Thursday, October 07, 2004
Subscribe to:
Post Comments (Atom)
21 comments:
While I thought most of what he had to say was incredibly insightful, thought-provoking, and encouraging, the one thing that makes me uncomfortable is his take on God and gender. I just can't think of God as female -- it just goes against the grain, doesn't work for me. I know I was created in His image, but He's my Father! Perhaps it's because I associate my imaginings of Him and His character so closely with my dad instead of my mom.

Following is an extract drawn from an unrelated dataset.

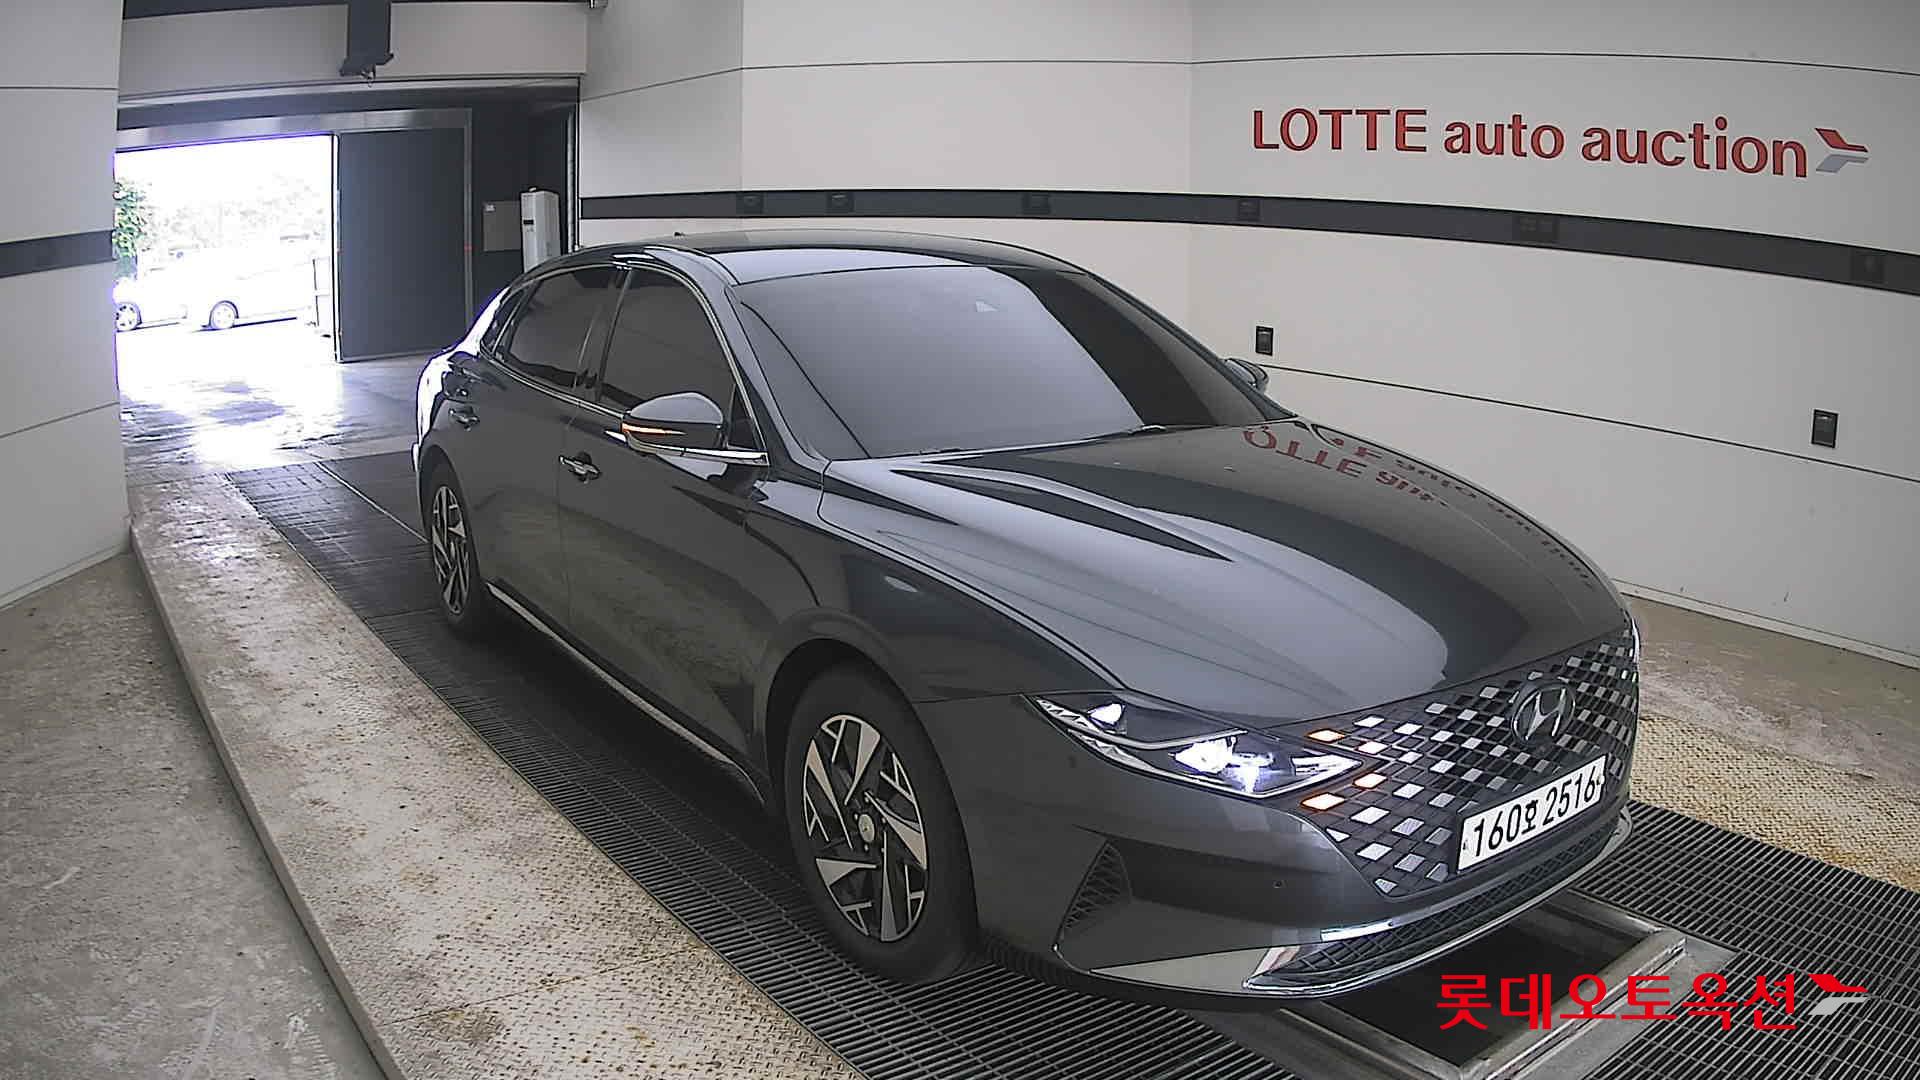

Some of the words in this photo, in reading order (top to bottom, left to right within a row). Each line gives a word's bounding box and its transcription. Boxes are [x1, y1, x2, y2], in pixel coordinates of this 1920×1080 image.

[1253, 107, 1428, 153] LOTTE
[1443, 113, 1566, 160] auto
[1581, 115, 1809, 179] auction

Wow! I understand the sentiment, but I'm not sure I would start at a parade. Maybe that's just me. I'm too uncomfortable with all this still to go to some big public thing that insinuates "we support a gay lifestyle." I would be all for going somewhere to meet a person and through friendship show them that God loved them... hopefully the fact they were gay would not get in the way.
Hey, Brandon--
I've been reading your blog for awhile. First time to comment...
1. I think I would do the walk. It's not Gay Pride, it's AIDS. You are not glorifying a lifestyle, you are standing up for the relief of human suffering. I can't imagine Jesus not doing the walk (and more). The article is very powerful and convicting. I see Jesus in the author's actions and words. I only wonder why he quoted the "hate the sin, love the sinner" line. We often use it as if we are standing on the outside. Hey, I'm on the inside. My sins may not include gay behavior, but what I do and think is just as bad, isn't it?
2. All the McLaren stuff resonated with me. Not that I was comfortable with it all. I have a sneaking suspicion that he's pretty accurate in describing the mess we protestants find ourselves in as a modern viewpoint problem rather than a Christian faith problem. Jesus seemed to celebrate faith and godly action even among those who didn't acknowledge him or God. Shouldn't we? (Hope this isn't considered "snake" handling... :)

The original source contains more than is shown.